> _EXERCISE GOAL_
No pictures go into the copy. Write out every line below exactly.

(Saved entries)
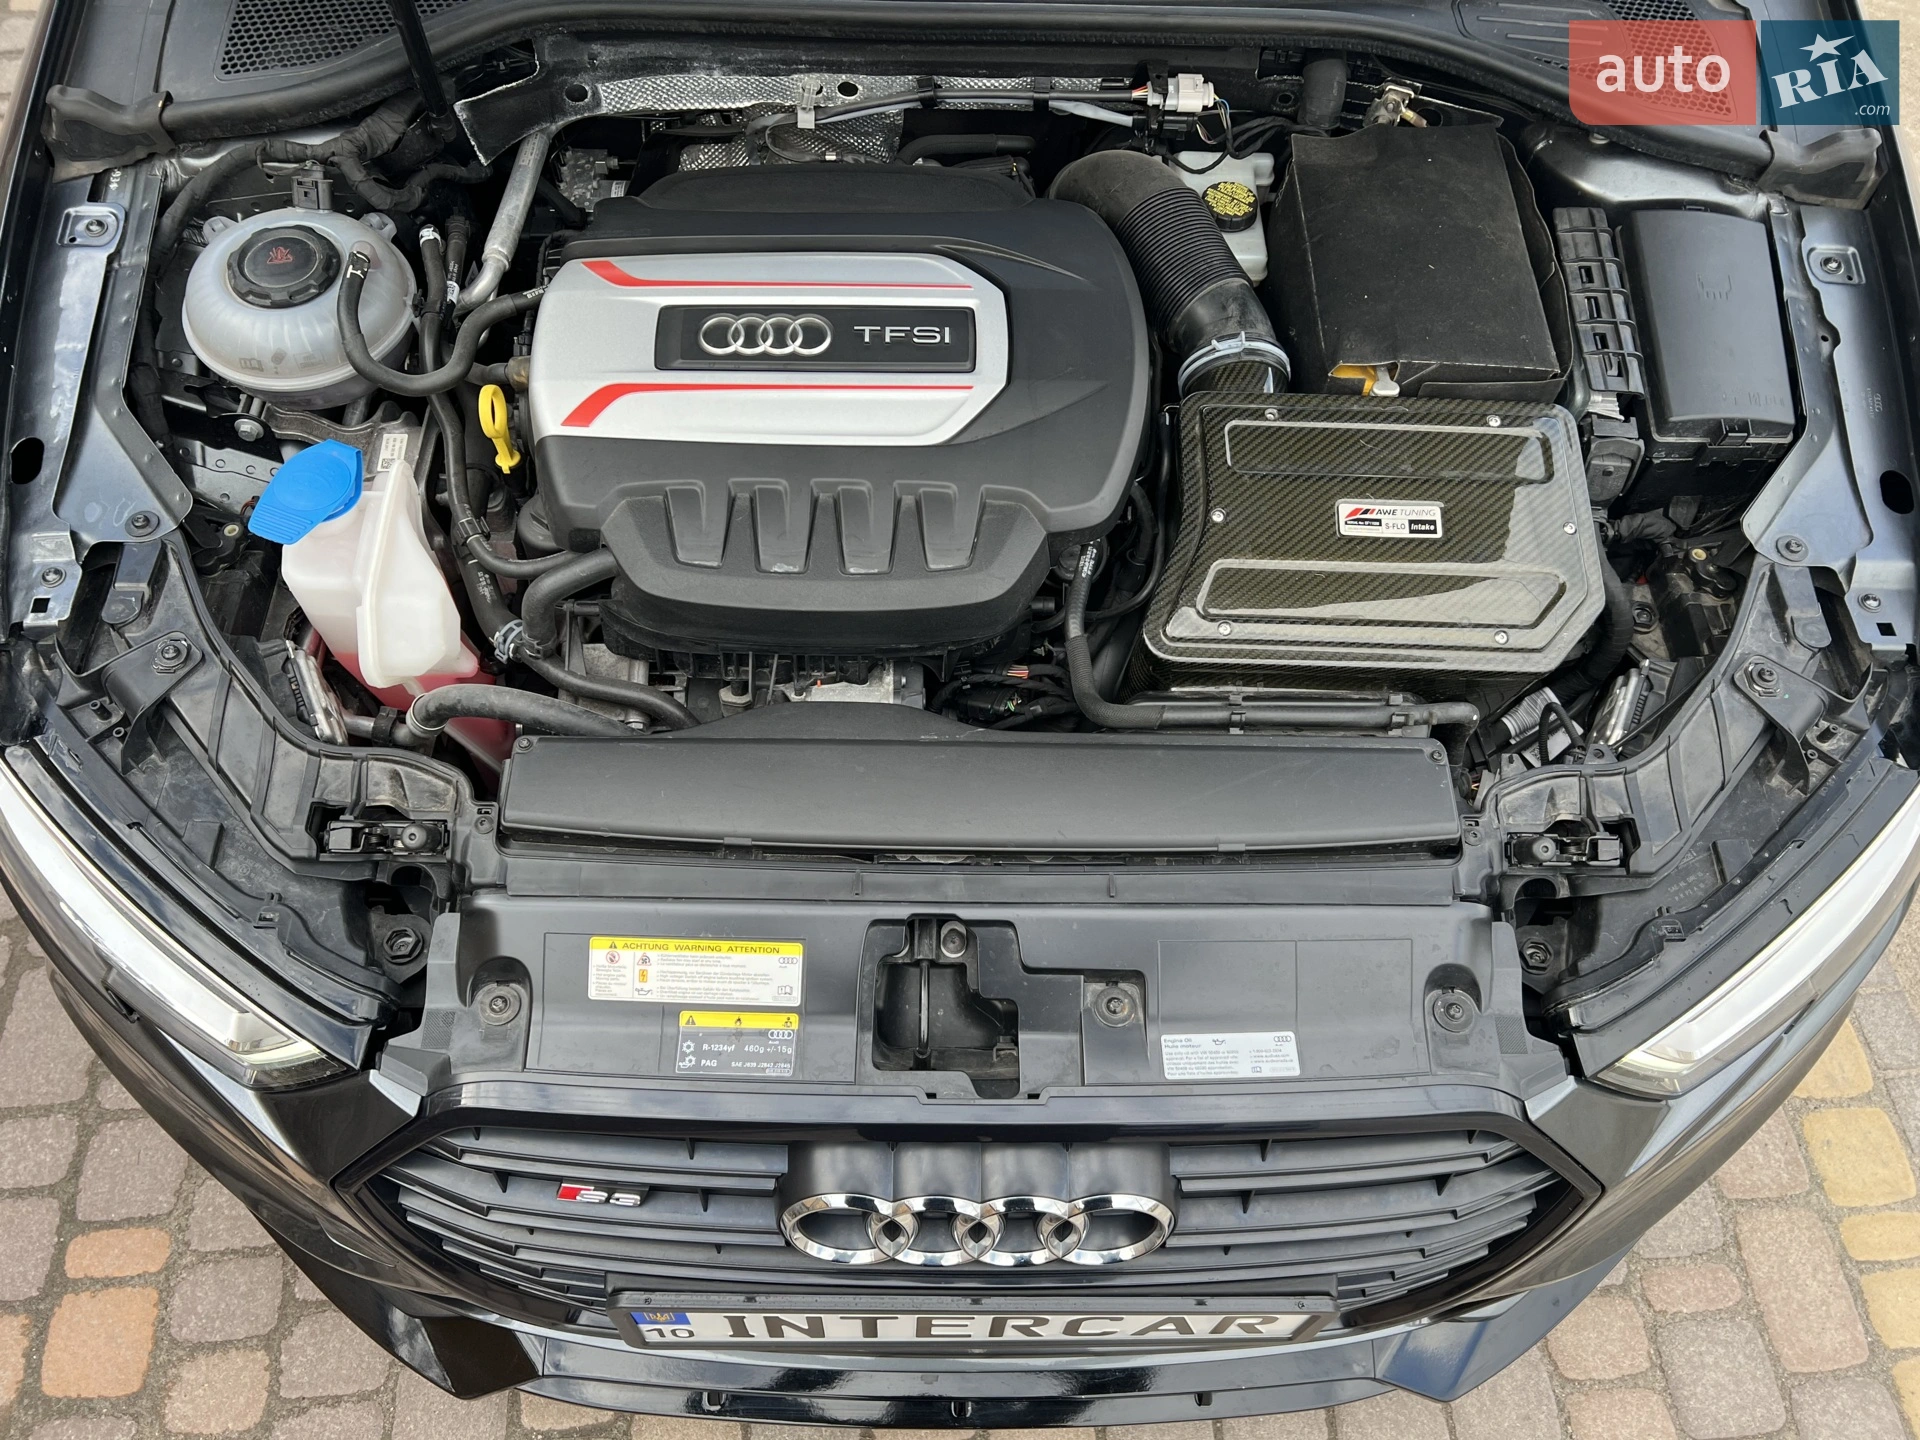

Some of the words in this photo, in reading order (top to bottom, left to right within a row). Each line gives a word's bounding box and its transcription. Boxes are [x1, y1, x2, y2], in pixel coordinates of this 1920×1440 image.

[853, 325, 951, 345] TFSI
[1375, 508, 1397, 516] AWE
[1400, 508, 1436, 517] TUNING
[1385, 522, 1406, 530] S-FLO
[1410, 521, 1435, 531] Intake
[622, 942, 669, 951] ACHTUNG
[674, 943, 722, 953] WARNING
[727, 945, 780, 954] ATTENTION
[702, 1043, 736, 1053] R-1234yf
[744, 1044, 765, 1054] 460g
[700, 1059, 718, 1067] PAG
[574, 1189, 641, 1208] S3
[644, 1327, 695, 1339] 10
[722, 1315, 1280, 1339] INTERCAR
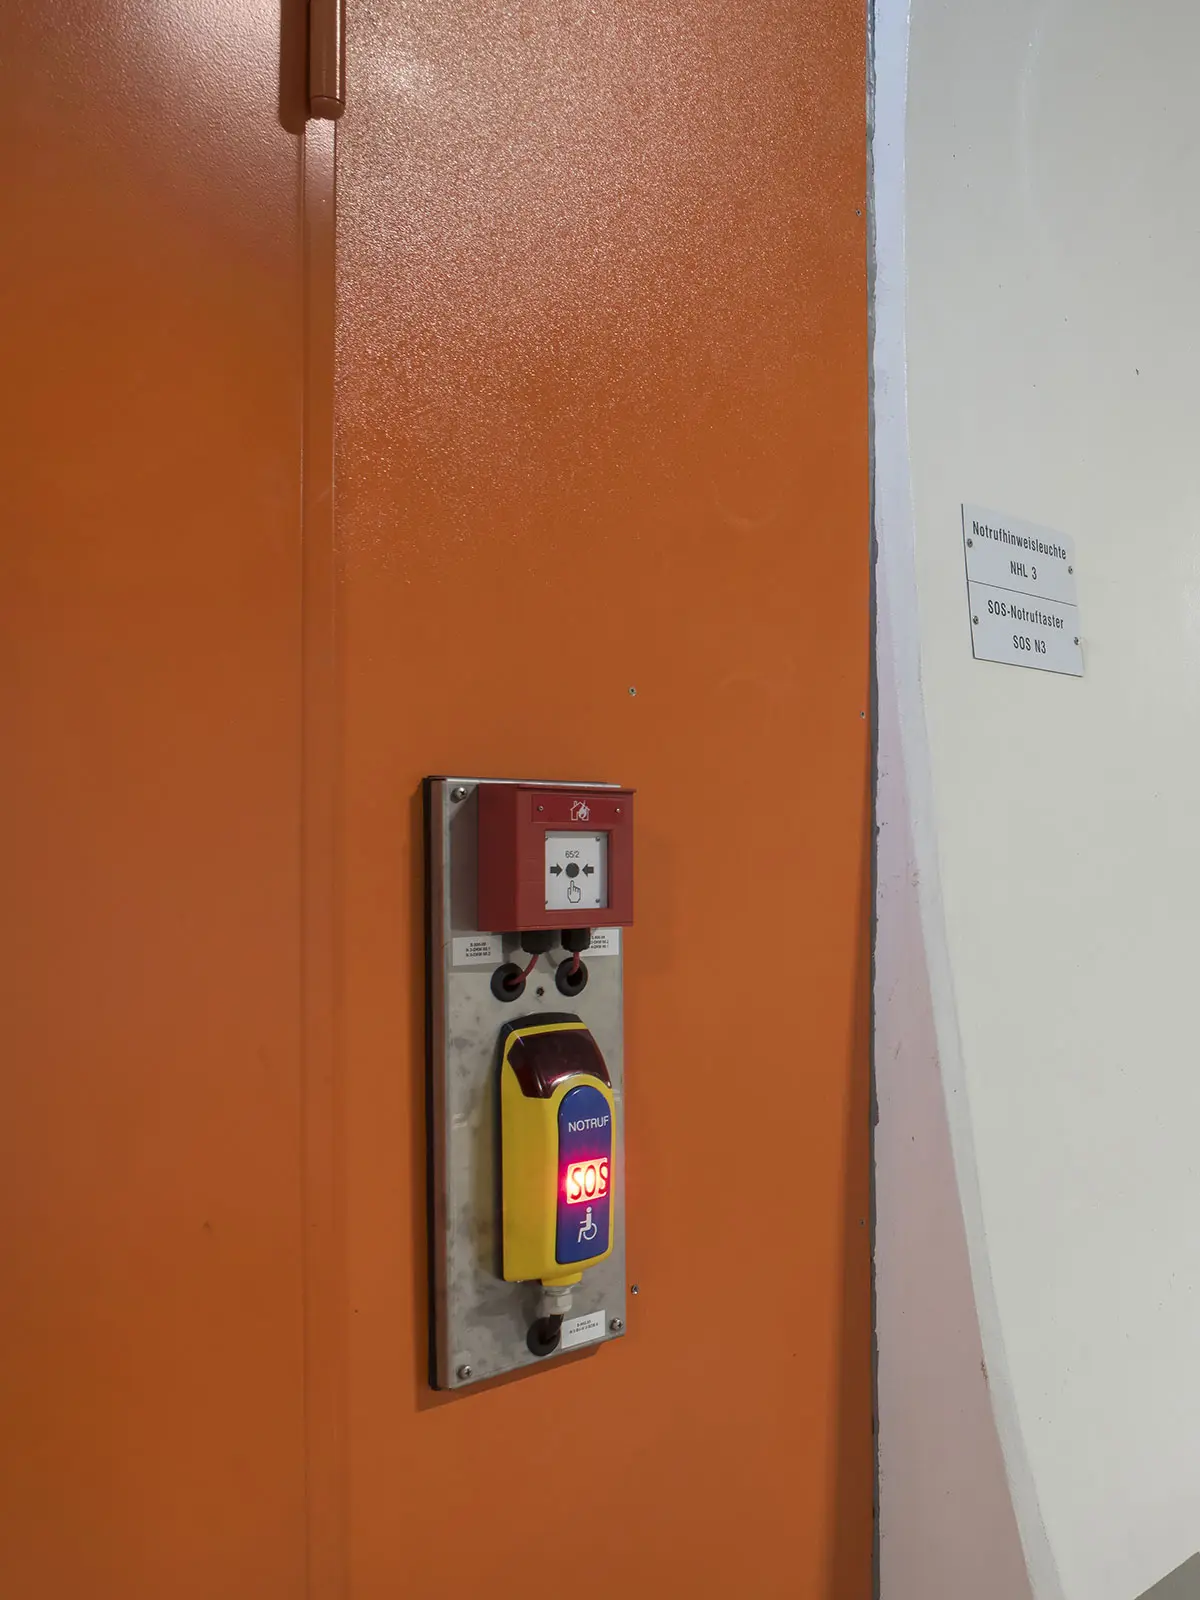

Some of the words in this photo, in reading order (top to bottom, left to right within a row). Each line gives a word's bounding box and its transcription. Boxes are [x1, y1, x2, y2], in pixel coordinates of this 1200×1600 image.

[972, 520, 1067, 560] Notrufhinweisleuchte
[1010, 561, 1028, 578] NHL
[1031, 566, 1037, 580] 3
[987, 600, 1064, 629] SOS-Notruftaster
[1013, 635, 1031, 651] SOS
[1035, 639, 1046, 654] N3
[568, 1115, 609, 1133] NOTRUF
[570, 1161, 608, 1200] SOS
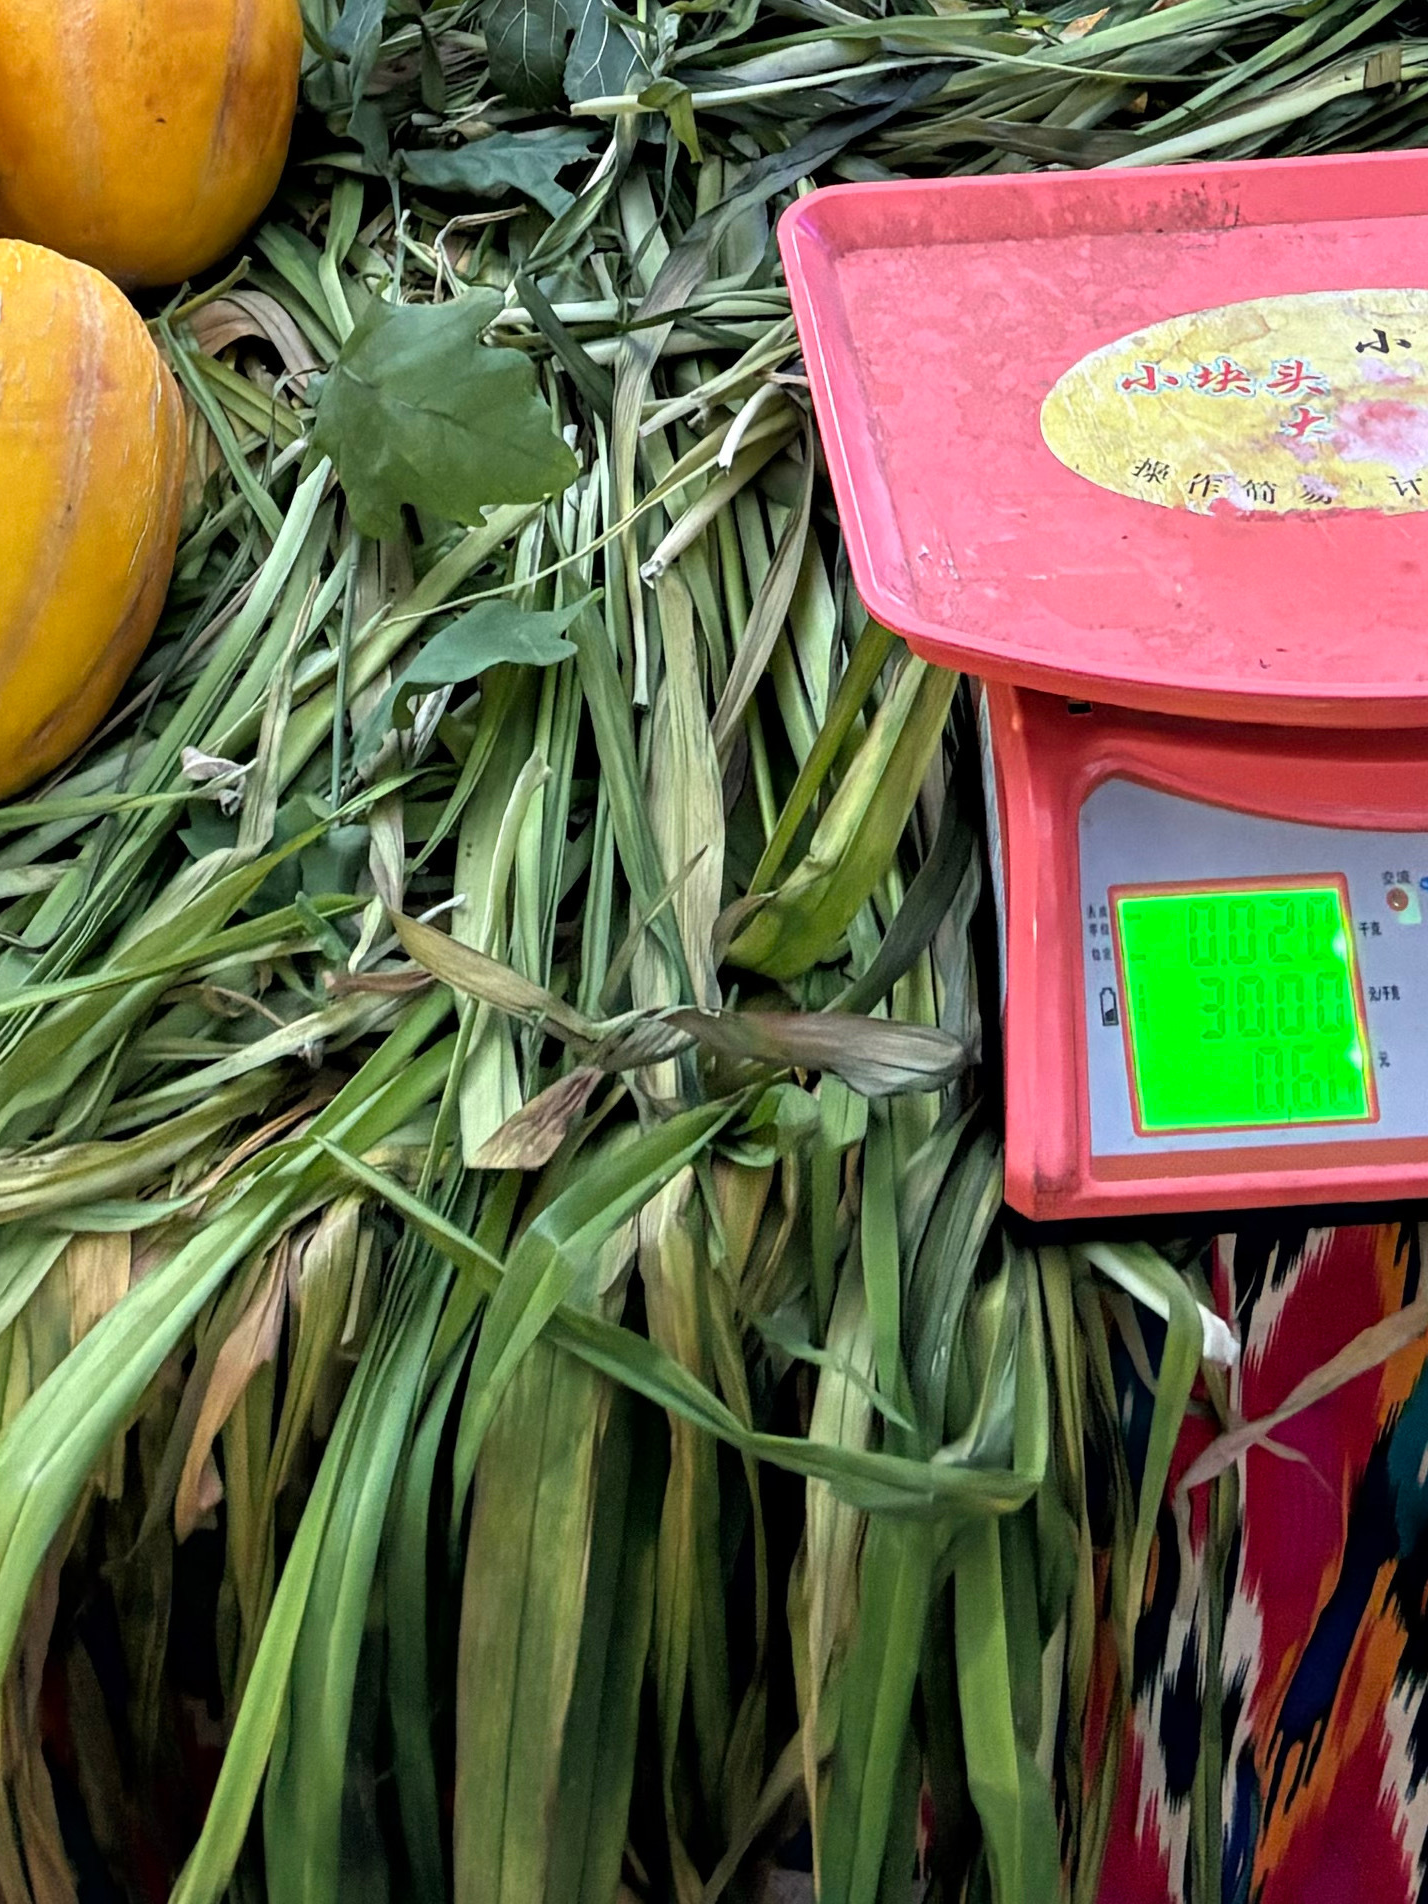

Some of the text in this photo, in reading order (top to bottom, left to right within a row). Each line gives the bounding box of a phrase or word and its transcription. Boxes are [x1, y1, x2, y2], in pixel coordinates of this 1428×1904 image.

[1121, 359, 1326, 395] 小块头
[1358, 921, 1382, 937] 千克
[1200, 972, 1344, 1040] 30.00
[1379, 1051, 1390, 1068] 元

> _FINISHED TASK_
Some of the words in this photo, in reading order (top to bottom, left to right within a row). Each line gives a word's bounding box and its transcription. Boxes are [x1, y1, x2, y2], in pixel coordinates of this 1920×1440 image.

[853, 325, 951, 345] TFSI
[1375, 508, 1397, 516] AWE
[1400, 508, 1436, 517] TUNING
[1385, 522, 1406, 530] S-FLO
[1410, 521, 1435, 531] Intake
[622, 942, 669, 951] ACHTUNG
[674, 943, 722, 953] WARNING
[727, 945, 780, 954] ATTENTION
[702, 1043, 736, 1053] R-1234yf
[744, 1044, 765, 1054] 460g
[700, 1059, 718, 1067] PAG
[574, 1189, 641, 1208] S3
[644, 1327, 695, 1339] 10
[722, 1315, 1280, 1339] INTERCAR

Some of the words in this photo, in reading order (top to bottom, left to right within a row). Each line gives a word's bounding box and its transcription. Boxes are [x1, y1, x2, y2], in pixel coordinates of this 1200×1600 image.

[972, 520, 1067, 560] Notrufhinweisleuchte
[1010, 561, 1028, 578] NHL
[1031, 566, 1037, 580] 3
[987, 600, 1064, 629] SOS-Notruftaster
[1013, 635, 1031, 651] SOS
[1035, 639, 1046, 654] N3
[568, 1115, 609, 1133] NOTRUF
[570, 1161, 608, 1200] SOS

Some of the text in this photo, in reading order (top to bottom, left to right within a row). Each line gives the bounding box of a phrase or word and its transcription. Boxes are [x1, y1, x2, y2], in pixel coordinates of this 1428×1904 image.

[1121, 359, 1326, 395] 小块头
[1358, 921, 1382, 937] 千克
[1200, 972, 1344, 1040] 30.00
[1379, 1051, 1390, 1068] 元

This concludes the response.